Below is a brief preview of the State Action Immunity issues I will be discussing.
The State Action Immunity Doctrine: From Parker to Phoebe Putney, City of LaGrange, SmileDirect and Quadvest
The state action immunity doctrine allows certain state and local government activity to avoid antitrust scrutiny. Federal antitrust laws are designed to prevent anticompetitive conduct in the market. Yet, the Supreme Court long ago held that these antitrust laws do not apply against the States themselves, even when they take actions that harm competition. Parker v. Brown, 317 U.S. 341 (1943). Like other judicially imposed exemptions from the antitrust laws, the Supreme Court has held that the Parker doctrine must be narrowly construed.
While the states themselves may adopt and implement policies that depart from the federal antitrust laws, subordinate political subdivisions, including state regulatory boards and municipalities, are not beyond the reach of the antitrust laws by virtue of their status because they are not themselves sovereign. The Supreme Court has recognized that a state legislature or state supreme court acting in its legislative capacity is “the sovereign itself,” whose conduct is exempt from liability under the Sherman Act without need for further inquiry.
But when the activity is not directly that of the state legislature or supreme court but is instead carried out by others pursuant to state authorization, the challenged restraint qualifies for state action exemption only if it is (1) undertaken pursuant to a “clearly articulated and affirmatively expressed” state policy to displace competition, and (2) actively supervised by the state. California Retail Liquor Dealers Ass’n v. Midcal Aluminum, Inc., 445 U.S. 97, 105 (1980).
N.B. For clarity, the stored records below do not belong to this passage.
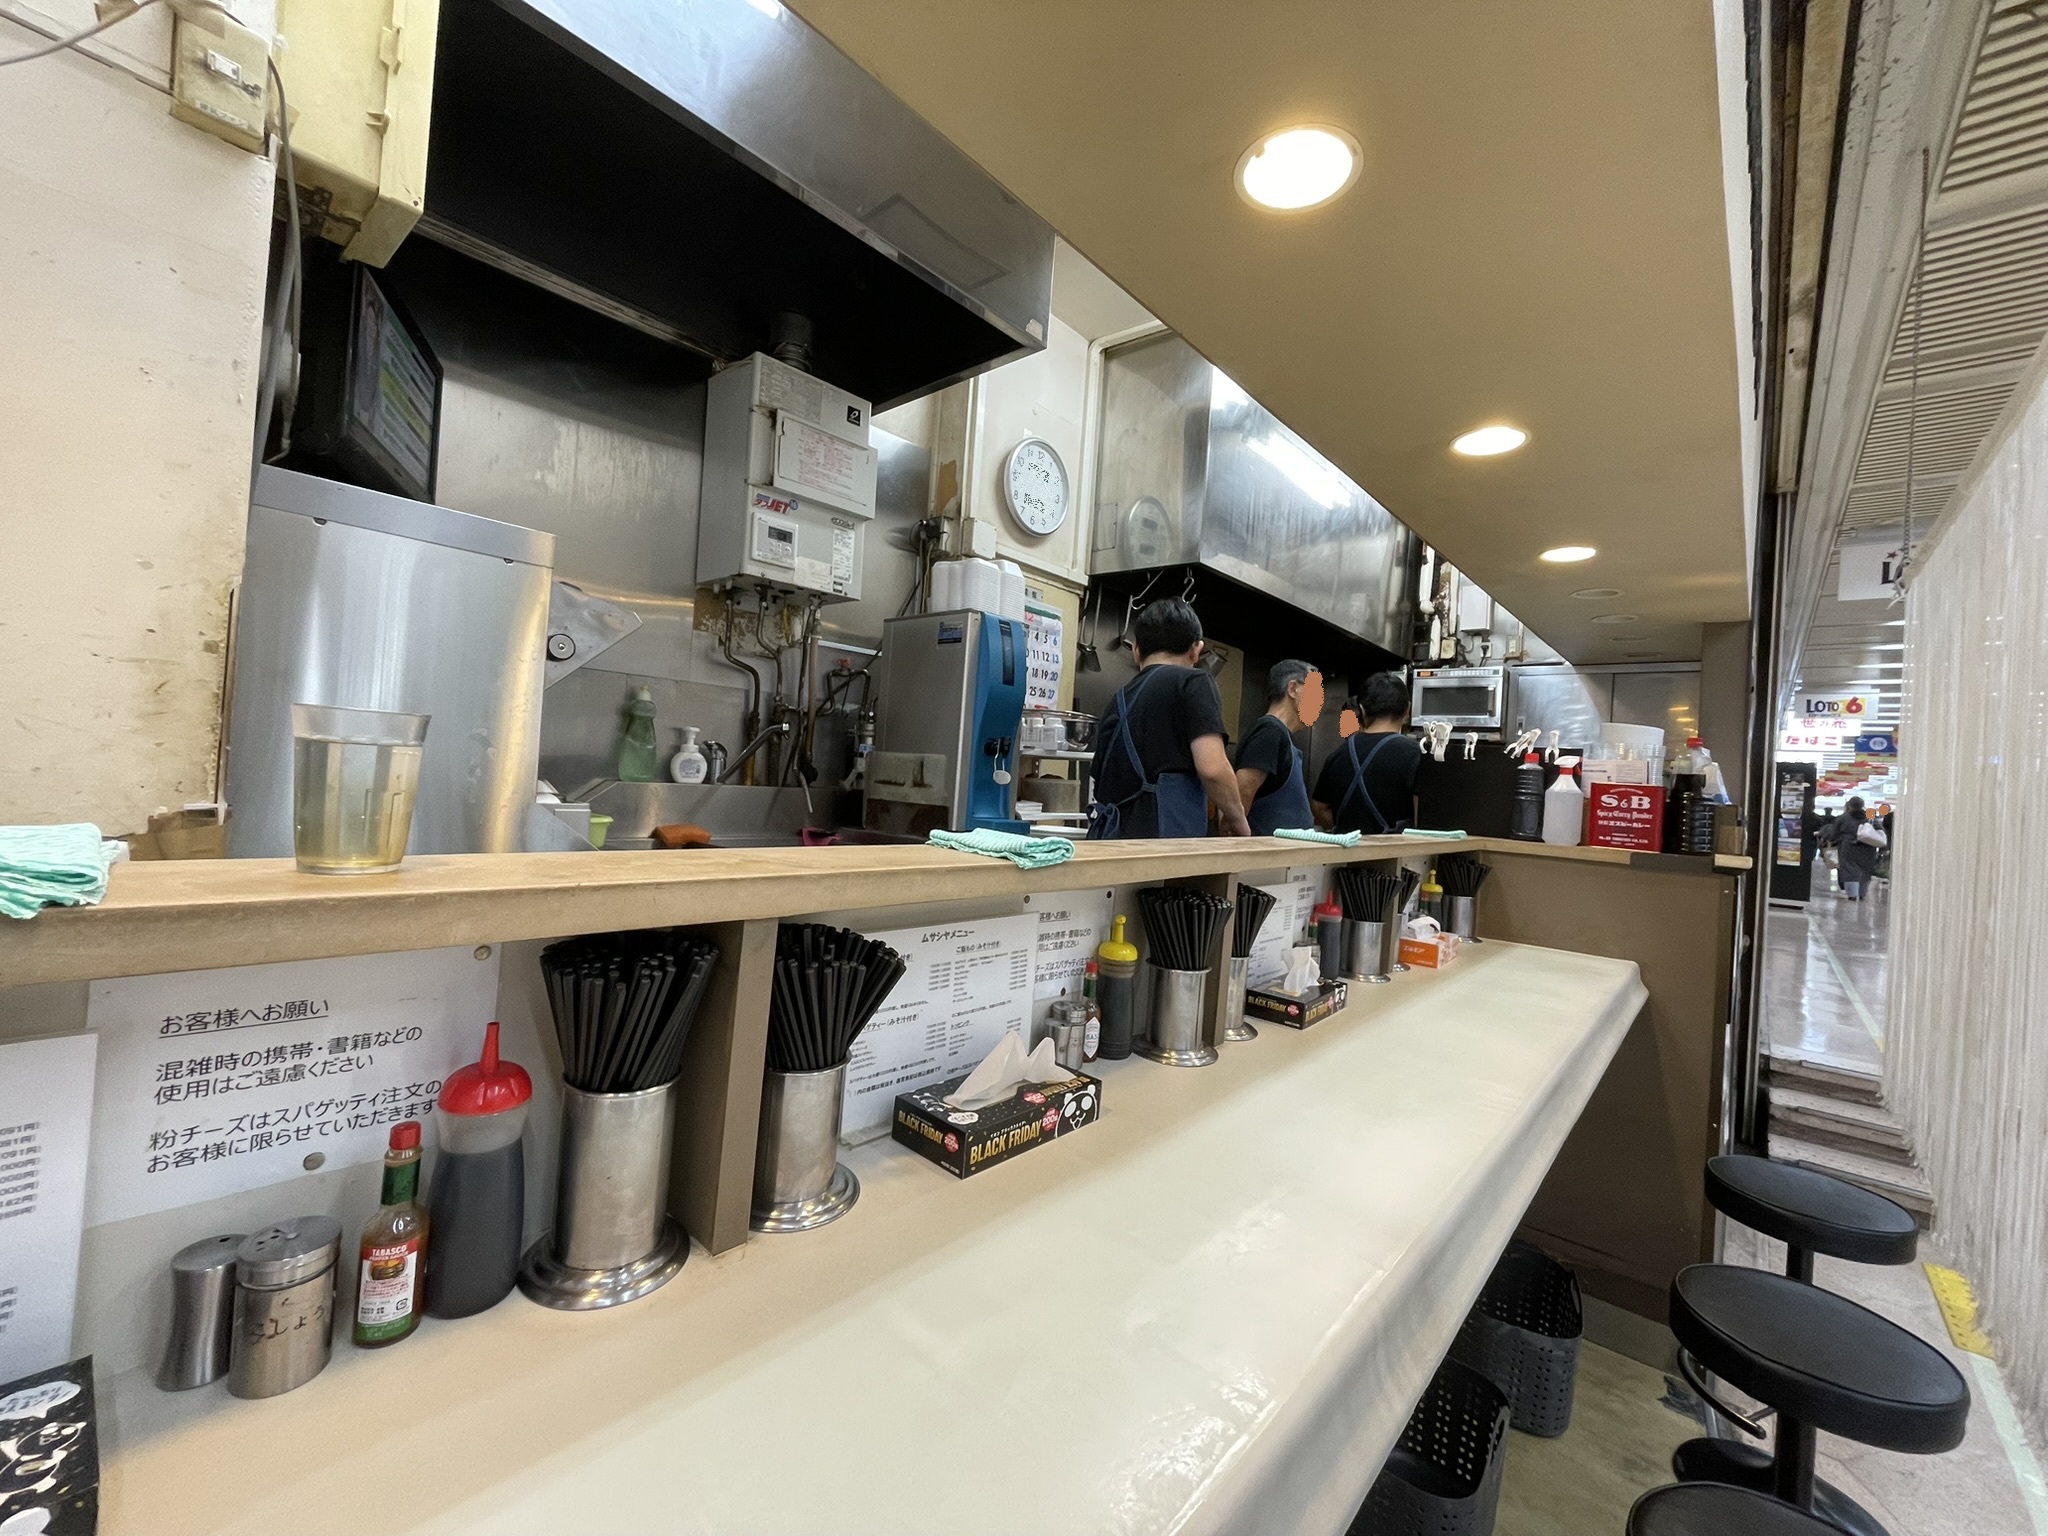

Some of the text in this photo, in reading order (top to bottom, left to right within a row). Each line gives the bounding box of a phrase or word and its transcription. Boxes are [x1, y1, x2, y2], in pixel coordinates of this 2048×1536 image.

[1034, 632, 1058, 646] 4 5 6
[1033, 650, 1059, 664] 11 12 13
[1032, 667, 1059, 681] 18 19 20
[1029, 686, 1055, 699] 25 26 27
[1806, 696, 1863, 714] LOTO 6
[1600, 794, 1651, 810] S&B
[1039, 910, 1071, 921] 客様へお願い
[921, 930, 975, 943] ムサシヤメニュー
[1038, 928, 1092, 942] 雑時の携帯・書籍などの
[1038, 940, 1079, 952] 用はご遠慮ください
[160, 1000, 329, 1034] お客様へお願い
[156, 1026, 423, 1082] 混雑時の携帯・書籍などの
[154, 1055, 374, 1105] 使用はご遠慮ください
[149, 1080, 442, 1150] 粉チーズはスパゲッティ注文の
[898, 1110, 944, 1144] BLACK FRIDAY
[147, 1098, 440, 1173] お客様に限らせていただきます
[969, 1119, 1042, 1165] BLACK FRIDAY
[372, 1244, 407, 1256] TABASCO
So, when is then a state policy clearly articulated? That is the question the U.S. Supreme Court decided in FTC v. Phoebe Putney Health System, declaring a stricter standard than courts had been applying. Under this new standard, the defendant’s conduct must be not only foreseeable, but also the “inherent, logical, or ordinary result” of the state scheme.
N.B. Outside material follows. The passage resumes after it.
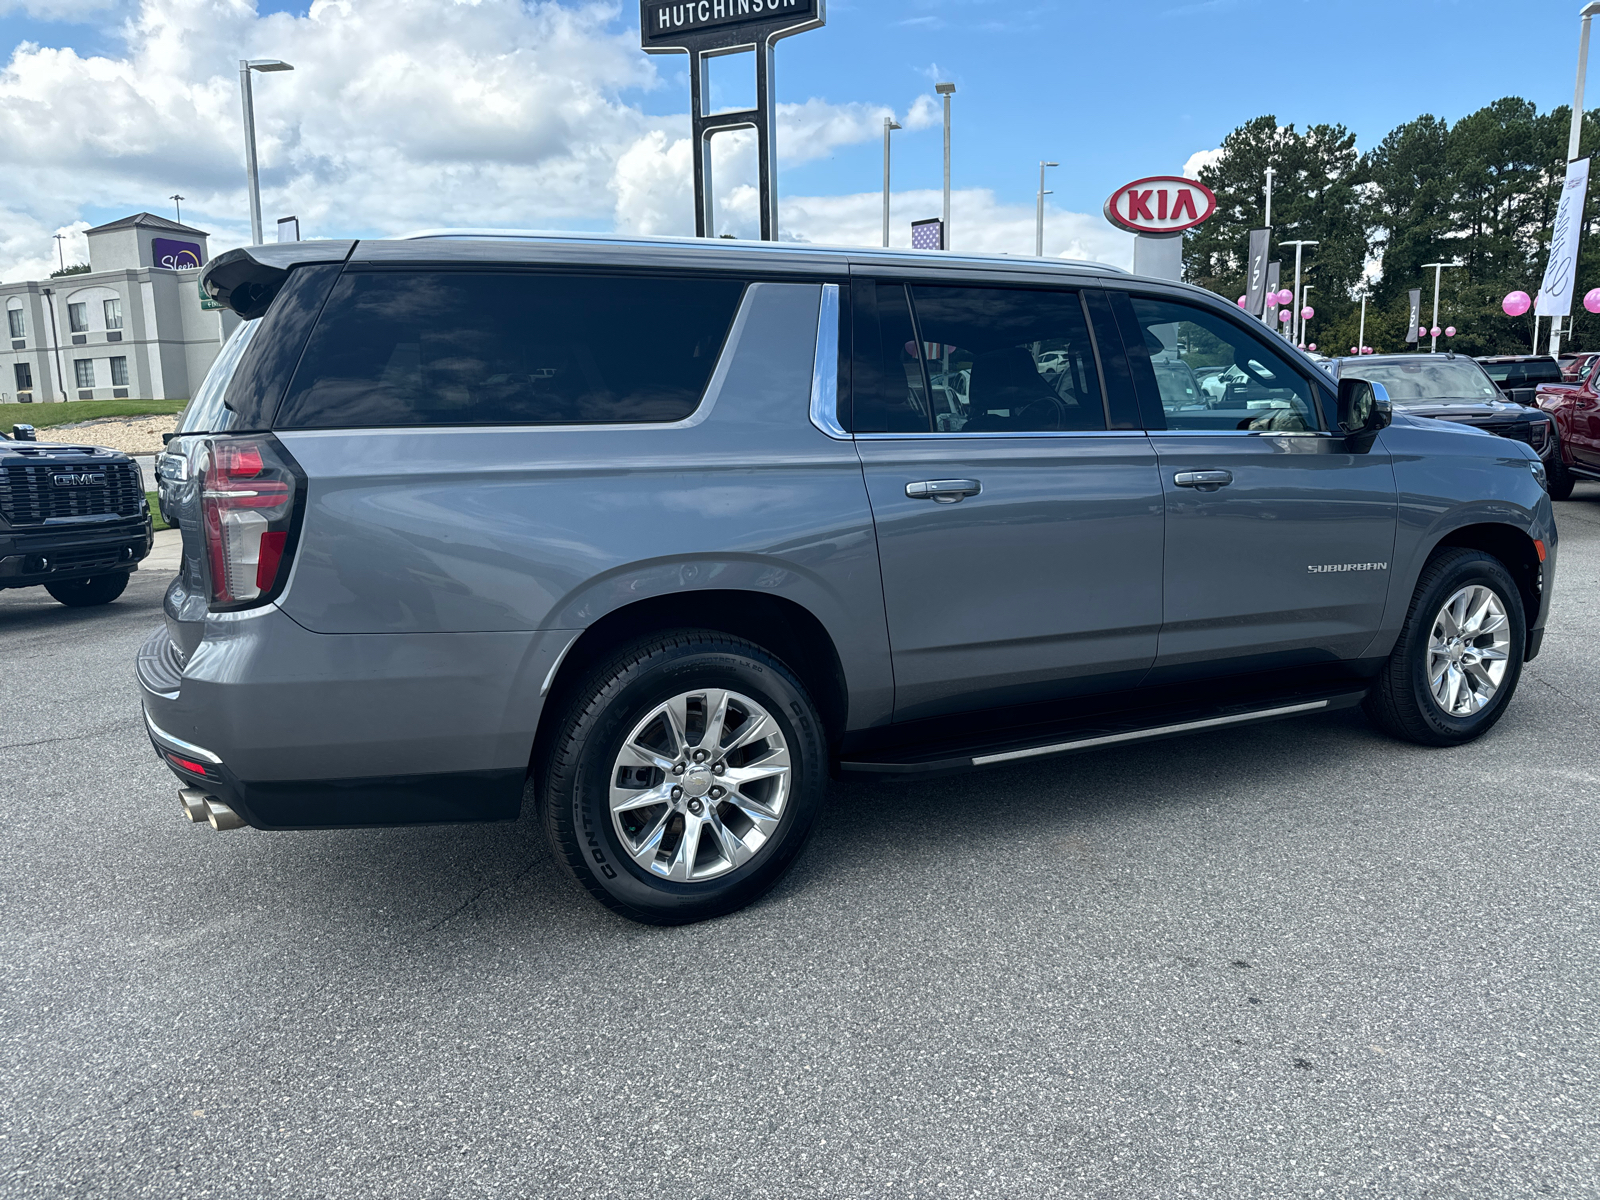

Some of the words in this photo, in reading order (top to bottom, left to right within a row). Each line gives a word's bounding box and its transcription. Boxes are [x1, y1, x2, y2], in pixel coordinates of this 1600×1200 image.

[1127, 189, 1198, 220] KIA
[53, 473, 105, 486] GMC
[1307, 562, 1387, 574] SUBURBAN
In the panel we will discuss the different wrinkles under the two Midcal prongs, and how courts all over the country have started to apply the new heightened standard under Phoebe Putney when considering the clear articulation requirement.
A Market Participant Exception is Necessary
At Bona Law we advocate for the establishment of a formal market participant exception, and we expect that the state action exemption will continue to narrow over time.
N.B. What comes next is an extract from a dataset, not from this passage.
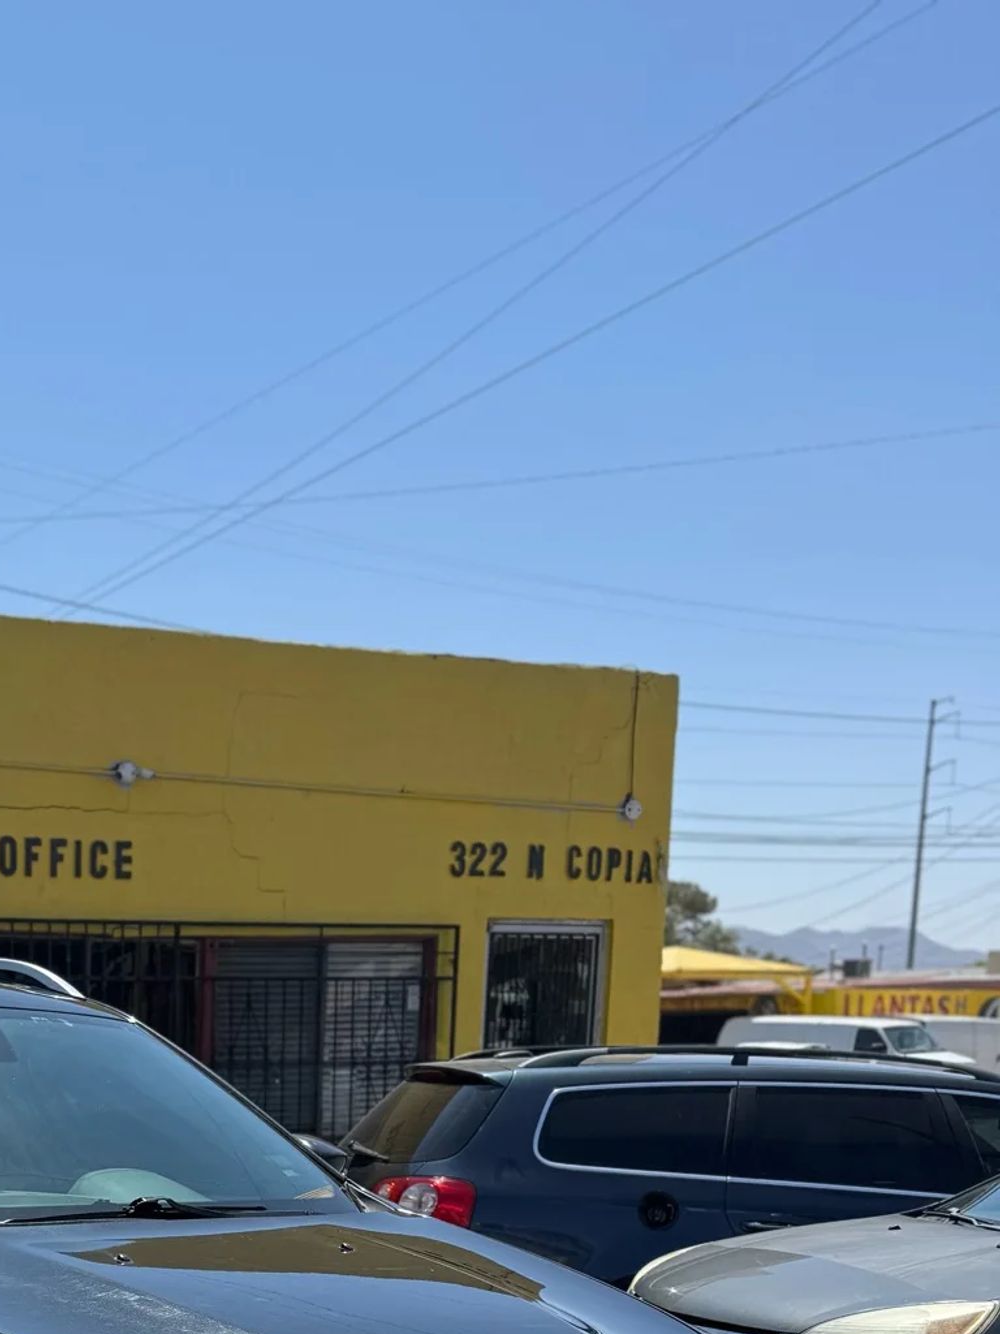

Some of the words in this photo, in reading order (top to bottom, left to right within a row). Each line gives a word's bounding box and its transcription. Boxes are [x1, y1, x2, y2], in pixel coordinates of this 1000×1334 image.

[450, 841, 508, 878] 322
[527, 844, 545, 880] N
[565, 845, 653, 884] COPIA
Indeed, when a state regulates, the market participants compete on the same playing field within the framework of that regulation. But if a commercial actor—public or private—is free of antitrust scrutiny, the federal policy of interstate competition suffers because participants do not play by the same rules. Therefore, state and local market participants must follow the same federal competition rules as their private counterparts.
During the panel we will discuss how the Supreme Court has consistently recognized that state and municipal commercial activity is subject to federal competition laws. But while the Supreme Court in City of Columbia v. Omni Outdoor Advertising, Inc., 499 U.S. 365, 374-75 (1991) left open the possibility of a market participant exception, the reality is that the Court did not formally adopt the exception. Later, in Phoebe Putney, the Court noted its discussion of the exception in Omni, but declined to decide the issue because the parties did not address it at trial.
At Bona Law, we advocate for courts to adopt the market-participant exception to state action immunity. Extending antitrust immunity to state and local commercial conduct exceeds the bounds of the doctrine’s purpose, introduces unintended consequences, and disturbs the balance between federal interstate regulation and state sovereignty.
I better stop here to leave some real discussion for the day of the ABA panel. I look forward to discussing in person these and other hot topics about state action immunity with my fellow panelists, friends and colleagues.